Sun Editorial: Take advantage of events to interact with police in a casual setting

Whether a town has a National Night Out event next week or events throughout the year, take some time to attend.

Some 38 million Americans will go out next Tuesday night. They will sit on their porches, attend a block party or visit a central National Night Out location.

The National Association of Town Watch started National Night Out in 1984. Its mission is to make neighborhoods safer by bringing residents together and to foster better police-community relationships.

These are two important goals. Town Watch programs are built on neighbors keeping an eye out for each other. If someone spots something unusual, they call the cops. People work together to keep each other safe.

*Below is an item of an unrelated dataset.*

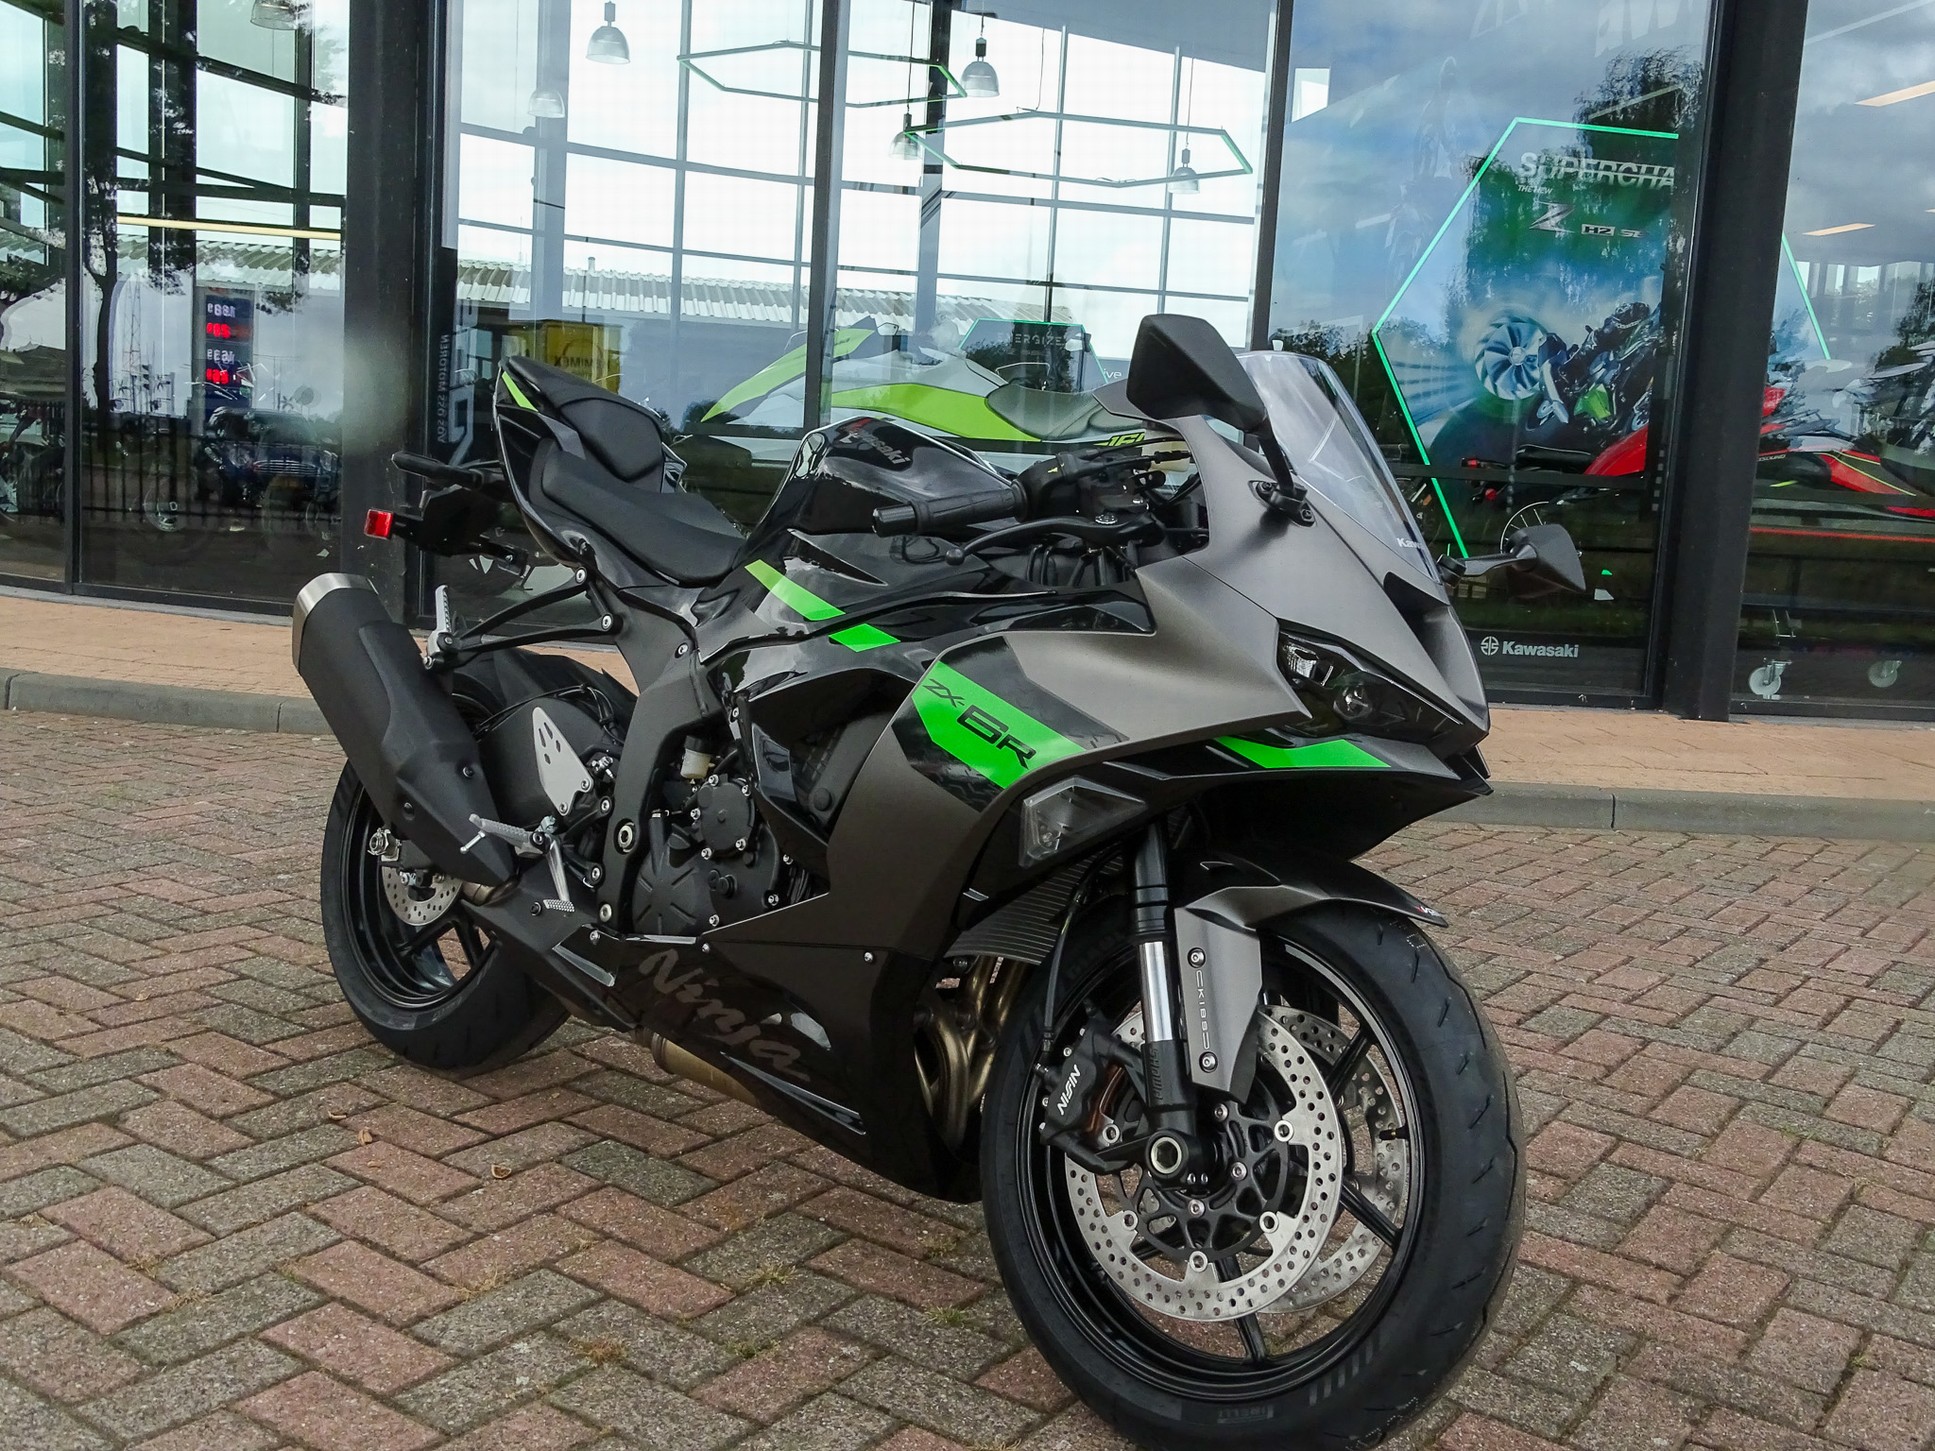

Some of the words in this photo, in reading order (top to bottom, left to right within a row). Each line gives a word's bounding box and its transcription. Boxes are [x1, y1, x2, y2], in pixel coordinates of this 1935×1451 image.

The second goal of building a strong police-community relationship has received greater emphasis in recent years. More police departments are recognizing the importance of reaching out to the residents they serve to build, if not partnerships, at least an understanding among all parties.

National Night Out — along with initiatives such as citizen police academies, “coffee with a cop” events and the like — can promote conversations. Officers get to know residents and their priorities and concerns. Residents interact with officers in a friendly situation and can gain insight to the challenges and dangers police face every day.

National Night Out activities vary from town to town. Some communities throw big bashes complete with food, music and more. Others stick with the more time-honored traditions of block parties, where police, fire and EMS personnel sometimes visit. And other towns may not have a formal event, but residents certainly can get together on their own.

But all towns offer events throughout the year that not only bring neighbors together but also give them a chance to interact with police in a casual setting. Take advantage of those events.

You, your neighbors, your town and your police will benefit. And you’ll have a good time, too.